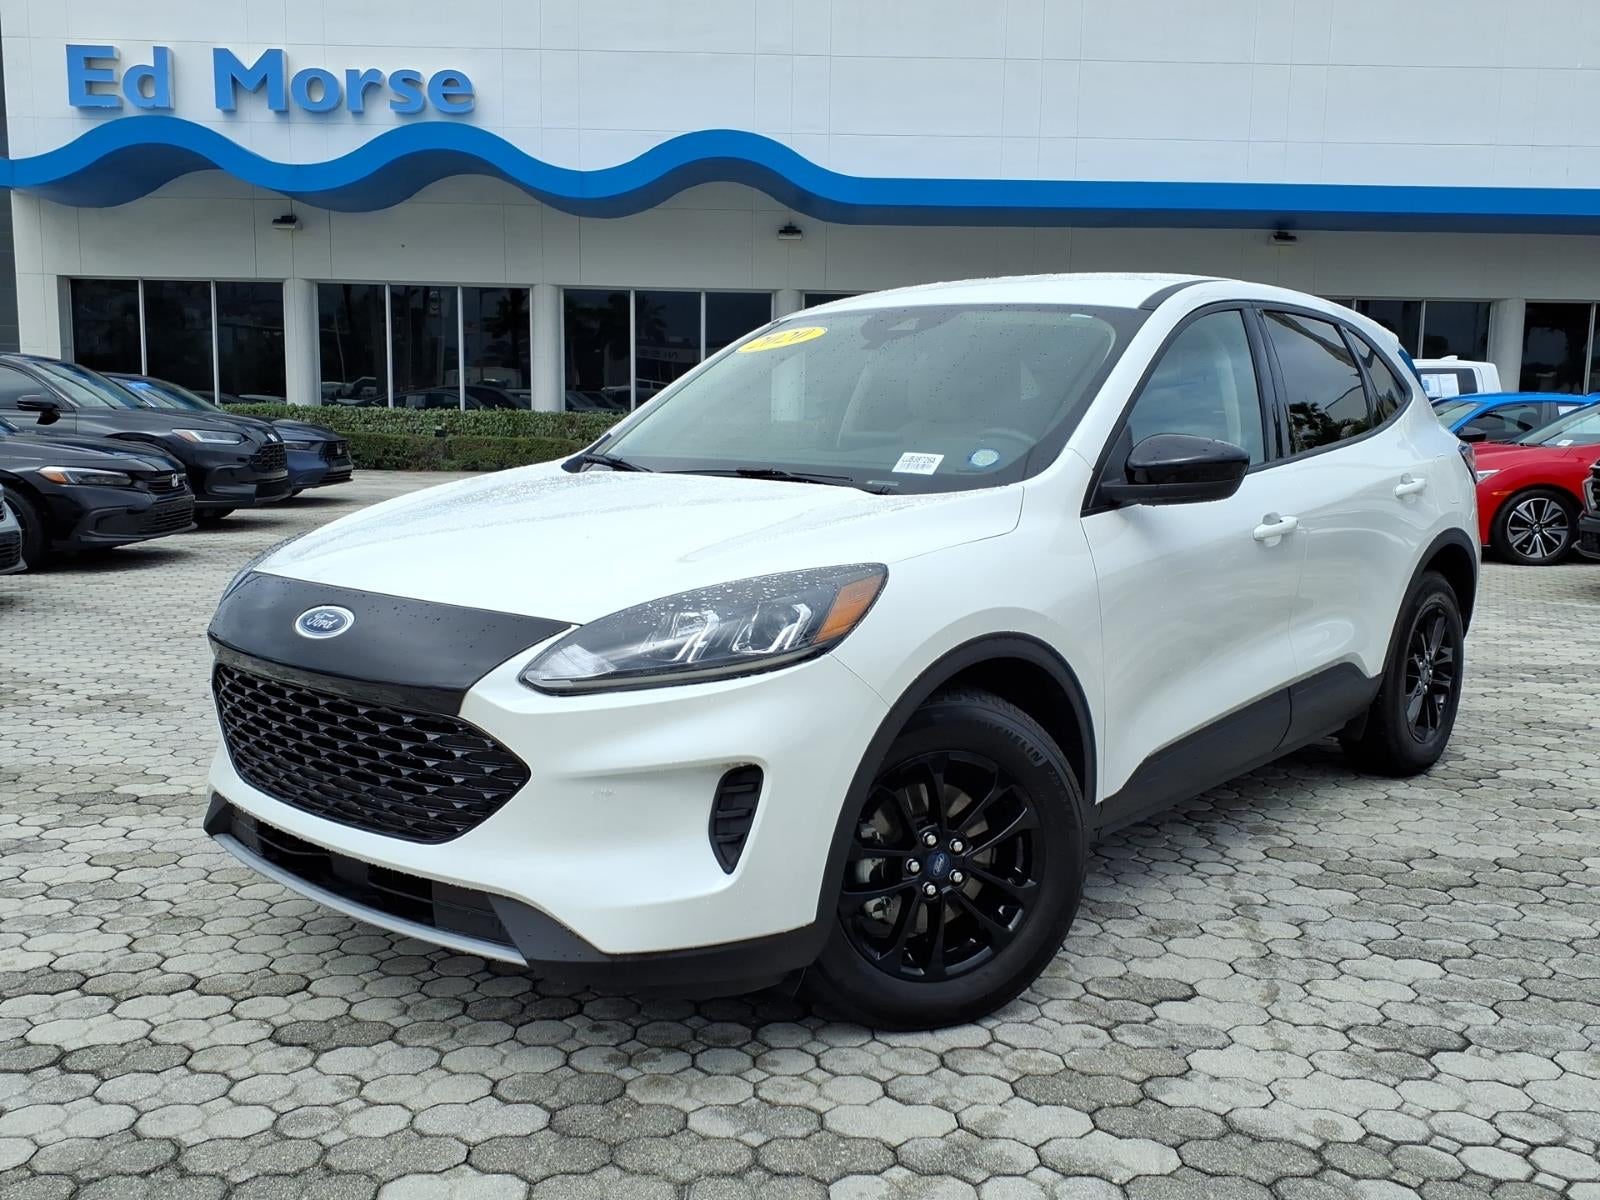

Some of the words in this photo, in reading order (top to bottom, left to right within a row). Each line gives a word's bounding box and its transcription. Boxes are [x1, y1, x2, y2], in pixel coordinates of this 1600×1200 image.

[65, 44, 175, 110] Ed
[213, 47, 477, 114] Morse
[307, 612, 338, 629] Ford
[977, 721, 1043, 762] MICHELIN
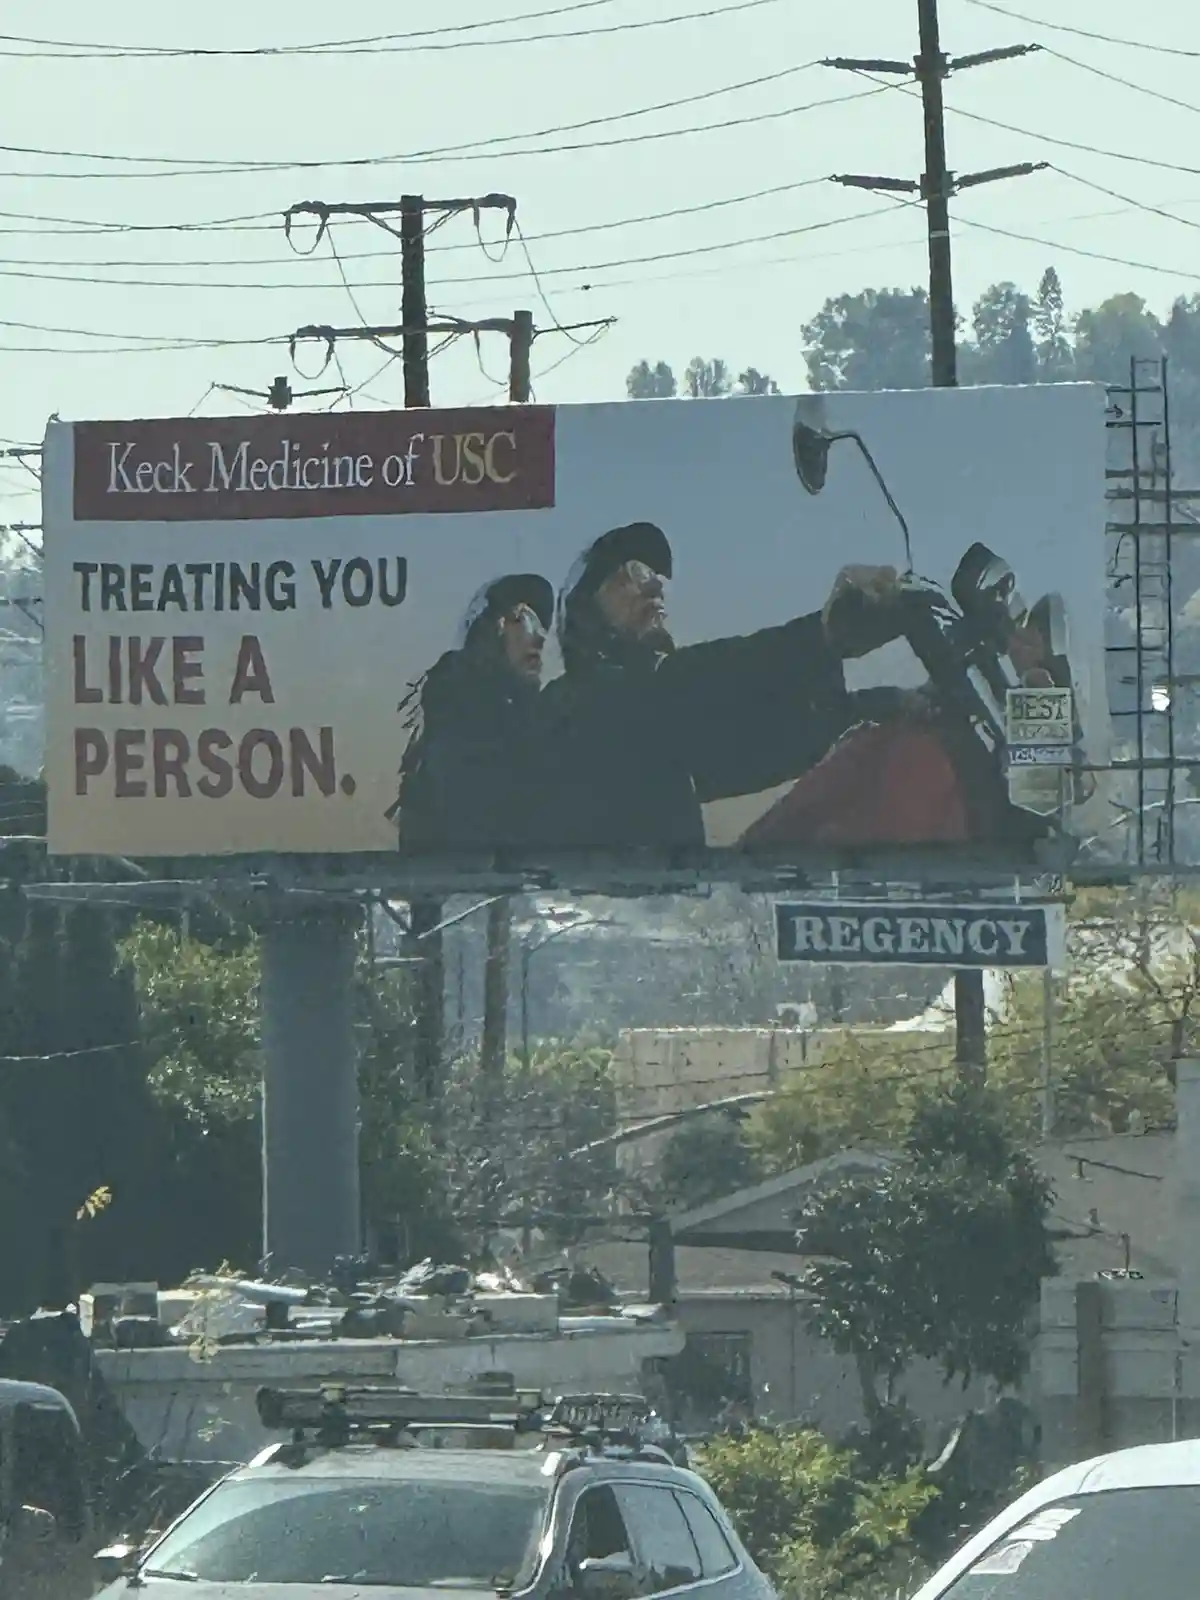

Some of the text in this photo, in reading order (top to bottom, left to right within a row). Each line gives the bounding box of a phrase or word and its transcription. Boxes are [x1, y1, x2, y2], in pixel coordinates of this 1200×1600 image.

[107, 432, 517, 494] Keck Medicine of USC
[73, 556, 408, 612] TREATING YOU
[73, 634, 276, 705] LIKE A
[75, 727, 356, 798] PERSON.
[791, 915, 1031, 955] REGENCY
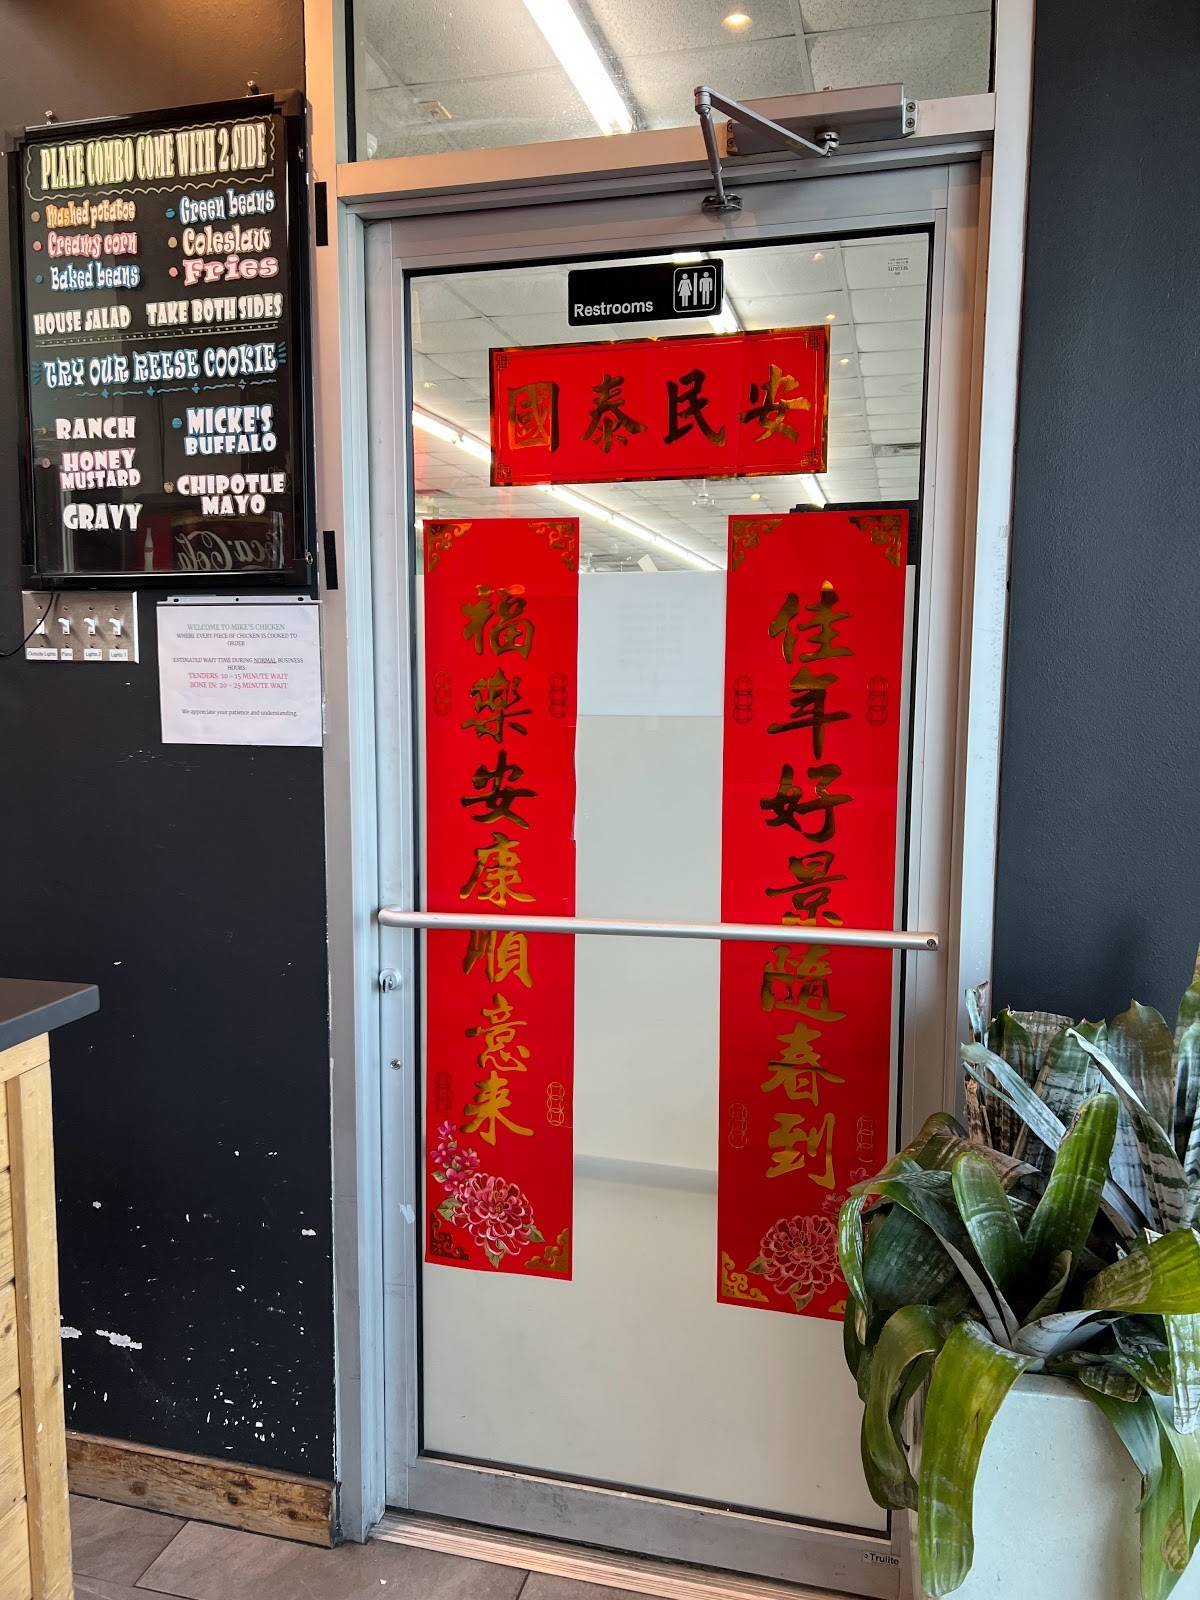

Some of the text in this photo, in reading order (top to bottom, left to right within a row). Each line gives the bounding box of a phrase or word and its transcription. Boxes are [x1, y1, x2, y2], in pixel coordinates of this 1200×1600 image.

[40, 125, 266, 190] PLATE COMBO COME WITH 2 SIDE
[46, 198, 136, 229] Mashed potatoe
[180, 187, 275, 225] Green beans
[48, 231, 137, 259] Creamy corn
[183, 223, 271, 256] Coleslaw
[50, 261, 140, 290] Baked beans
[183, 254, 279, 286] Fries
[33, 305, 131, 335] HOUSE SALAD
[146, 293, 283, 326] TAKE BOTH SIDES
[574, 301, 653, 318] Restrooms
[44, 342, 278, 389] TRY OUR REESE COOKIE
[186, 404, 273, 434] MICKE'S
[507, 363, 810, 453] 國泰民安
[56, 416, 136, 440] RANCH
[184, 432, 277, 456] BUFFALO
[62, 448, 136, 472] HONEY
[60, 469, 140, 491] MUSTARD
[177, 472, 286, 496] CHIPOTLE
[63, 503, 143, 531] GRAVY
[201, 494, 266, 516] MAYO
[256, 623, 286, 631] CHICKEN
[234, 682, 241, 690] 25
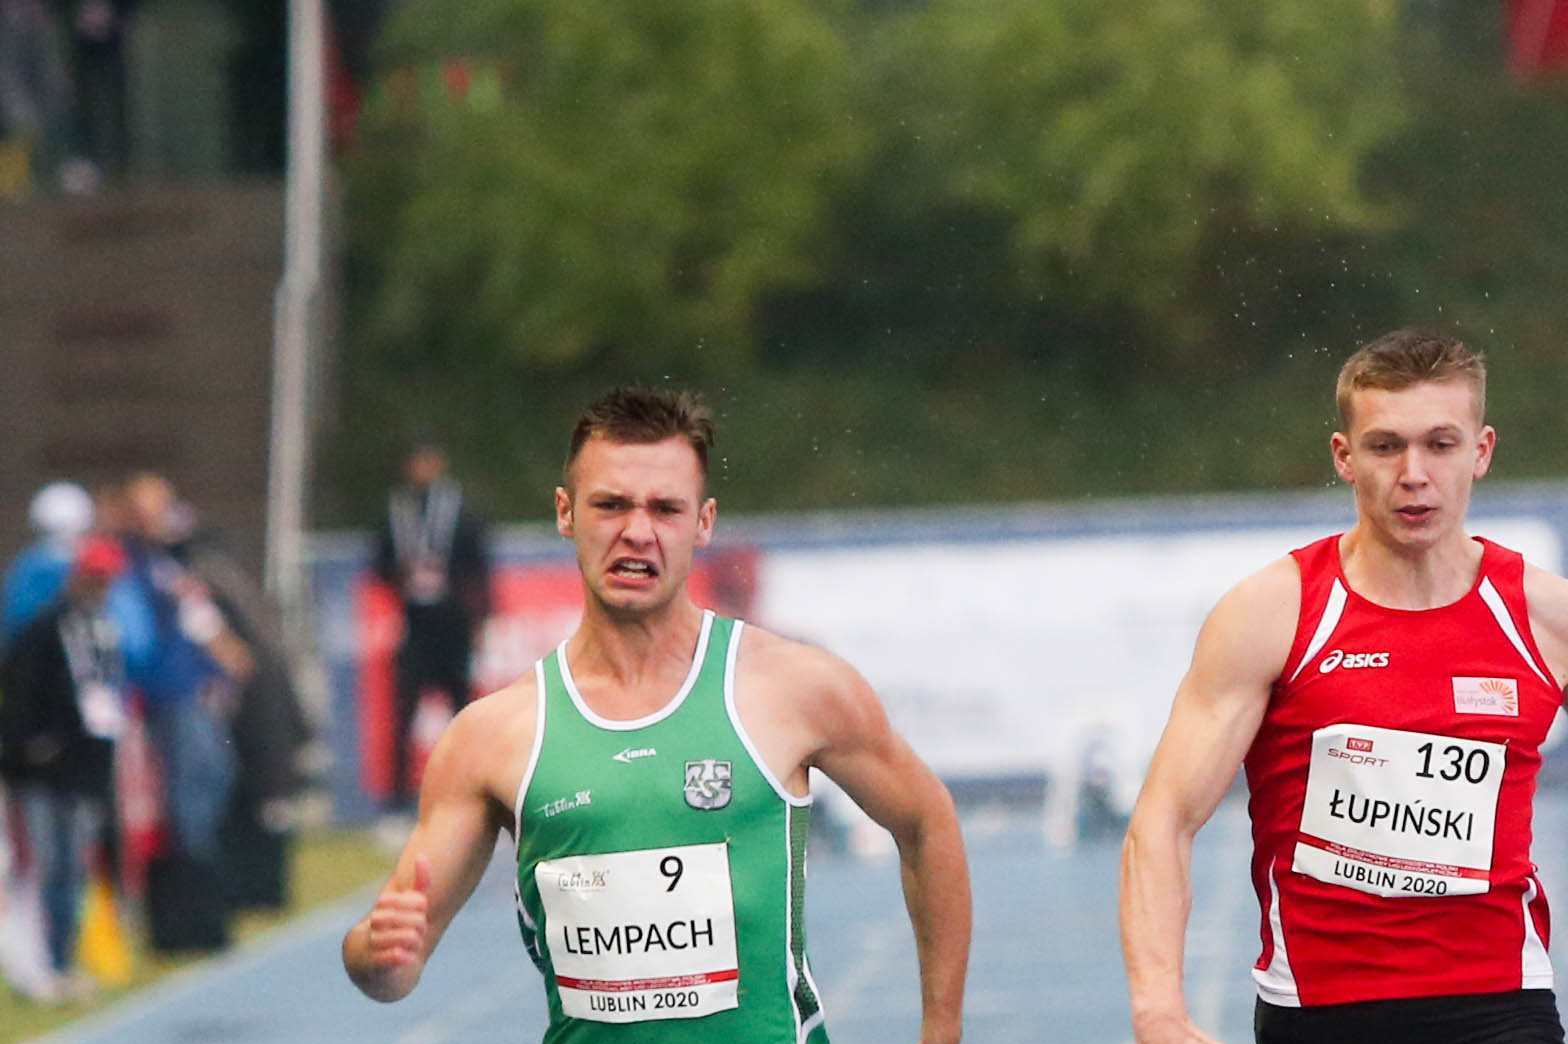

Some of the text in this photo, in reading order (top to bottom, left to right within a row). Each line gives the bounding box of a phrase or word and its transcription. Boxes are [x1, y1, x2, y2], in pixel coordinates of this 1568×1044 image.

[1342, 651, 1390, 669] asics
[1327, 748, 1390, 767] SPORT
[1415, 742, 1490, 784] 130
[1329, 789, 1473, 841] ŁUPIŃSKI
[659, 855, 684, 893] 9
[1334, 860, 1396, 889] LUBLIN
[1401, 876, 1447, 895] 2020
[562, 917, 715, 956] LEMPACH
[590, 991, 699, 1012] LUBLIN 2020

■ ■ ■ ■

# ASSIGNED TASK:
Each entry above should be restated word for word, though no picture may appear in the copy.

# ANSWER BELOW:
Some of the words in this photo, in reading order (top to bottom, left to right within a row). Each line gives a word's bounding box and its transcription. Boxes are [x1, y1, x2, y2], in pixel coordinates of this 1600×1200 image.

[65, 44, 175, 110] Ed
[213, 47, 477, 114] Morse
[307, 612, 338, 629] Ford
[977, 721, 1043, 762] MICHELIN

Some of the text in this photo, in reading order (top to bottom, left to right within a row). Each line gives the bounding box of a phrase or word and its transcription. Boxes are [x1, y1, x2, y2], in pixel coordinates of this 1200×1600 image.

[107, 432, 517, 494] Keck Medicine of USC
[73, 556, 408, 612] TREATING YOU
[73, 634, 276, 705] LIKE A
[75, 727, 356, 798] PERSON.
[791, 915, 1031, 955] REGENCY

Some of the text in this photo, in reading order (top to bottom, left to right within a row). Each line gives the bounding box of a phrase or word and its transcription. Boxes are [x1, y1, x2, y2], in pixel coordinates of this 1200×1600 image.

[40, 125, 266, 190] PLATE COMBO COME WITH 2 SIDE
[46, 198, 136, 229] Mashed potatoe
[180, 187, 275, 225] Green beans
[48, 231, 137, 259] Creamy corn
[183, 223, 271, 256] Coleslaw
[50, 261, 140, 290] Baked beans
[183, 254, 279, 286] Fries
[33, 305, 131, 335] HOUSE SALAD
[146, 293, 283, 326] TAKE BOTH SIDES
[574, 301, 653, 318] Restrooms
[44, 342, 278, 389] TRY OUR REESE COOKIE
[186, 404, 273, 434] MICKE'S
[507, 363, 810, 453] 國泰民安
[56, 416, 136, 440] RANCH
[184, 432, 277, 456] BUFFALO
[62, 448, 136, 472] HONEY
[60, 469, 140, 491] MUSTARD
[177, 472, 286, 496] CHIPOTLE
[63, 503, 143, 531] GRAVY
[201, 494, 266, 516] MAYO
[256, 623, 286, 631] CHICKEN
[234, 682, 241, 690] 25

Some of the text in this photo, in reading order (top to bottom, left to right within a row). Each line gives the bounding box of a phrase or word and its transcription. Boxes are [x1, y1, x2, y2], in pixel coordinates of this 1568×1044 image.

[1342, 651, 1390, 669] asics
[1327, 748, 1390, 767] SPORT
[1415, 742, 1490, 784] 130
[1329, 789, 1473, 841] ŁUPIŃSKI
[659, 855, 684, 893] 9
[1334, 860, 1396, 889] LUBLIN
[1401, 876, 1447, 895] 2020
[562, 917, 715, 956] LEMPACH
[590, 991, 699, 1012] LUBLIN 2020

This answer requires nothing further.